::: AVAILABLE DATA :::

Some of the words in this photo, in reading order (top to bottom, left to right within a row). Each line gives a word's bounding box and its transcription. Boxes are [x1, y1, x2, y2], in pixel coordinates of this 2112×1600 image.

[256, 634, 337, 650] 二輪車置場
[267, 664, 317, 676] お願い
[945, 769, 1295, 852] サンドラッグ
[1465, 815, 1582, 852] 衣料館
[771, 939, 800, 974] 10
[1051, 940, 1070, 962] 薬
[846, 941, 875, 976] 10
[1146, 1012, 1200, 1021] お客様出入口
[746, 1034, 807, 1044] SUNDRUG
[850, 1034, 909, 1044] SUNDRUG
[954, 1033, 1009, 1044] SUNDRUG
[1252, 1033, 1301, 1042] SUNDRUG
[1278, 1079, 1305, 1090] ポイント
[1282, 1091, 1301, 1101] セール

:::

EXERCISE DETAILS> Output the entries above exactly, please, with nothing dropped.

SOLUTION TO THIS EXERCISE>
Some of the words in this photo, in reading order (top to bottom, left to right within a row). Each line gives a word's bounding box and its transcription. Boxes are [x1, y1, x2, y2], in pixel coordinates of this 2112×1600 image.

[256, 634, 337, 650] 二輪車置場
[267, 664, 317, 676] お願い
[945, 769, 1295, 852] サンドラッグ
[1465, 815, 1582, 852] 衣料館
[771, 939, 800, 974] 10
[1051, 940, 1070, 962] 薬
[846, 941, 875, 976] 10
[1146, 1012, 1200, 1021] お客様出入口
[746, 1034, 807, 1044] SUNDRUG
[850, 1034, 909, 1044] SUNDRUG
[954, 1033, 1009, 1044] SUNDRUG
[1252, 1033, 1301, 1042] SUNDRUG
[1278, 1079, 1305, 1090] ポイント
[1282, 1091, 1301, 1101] セール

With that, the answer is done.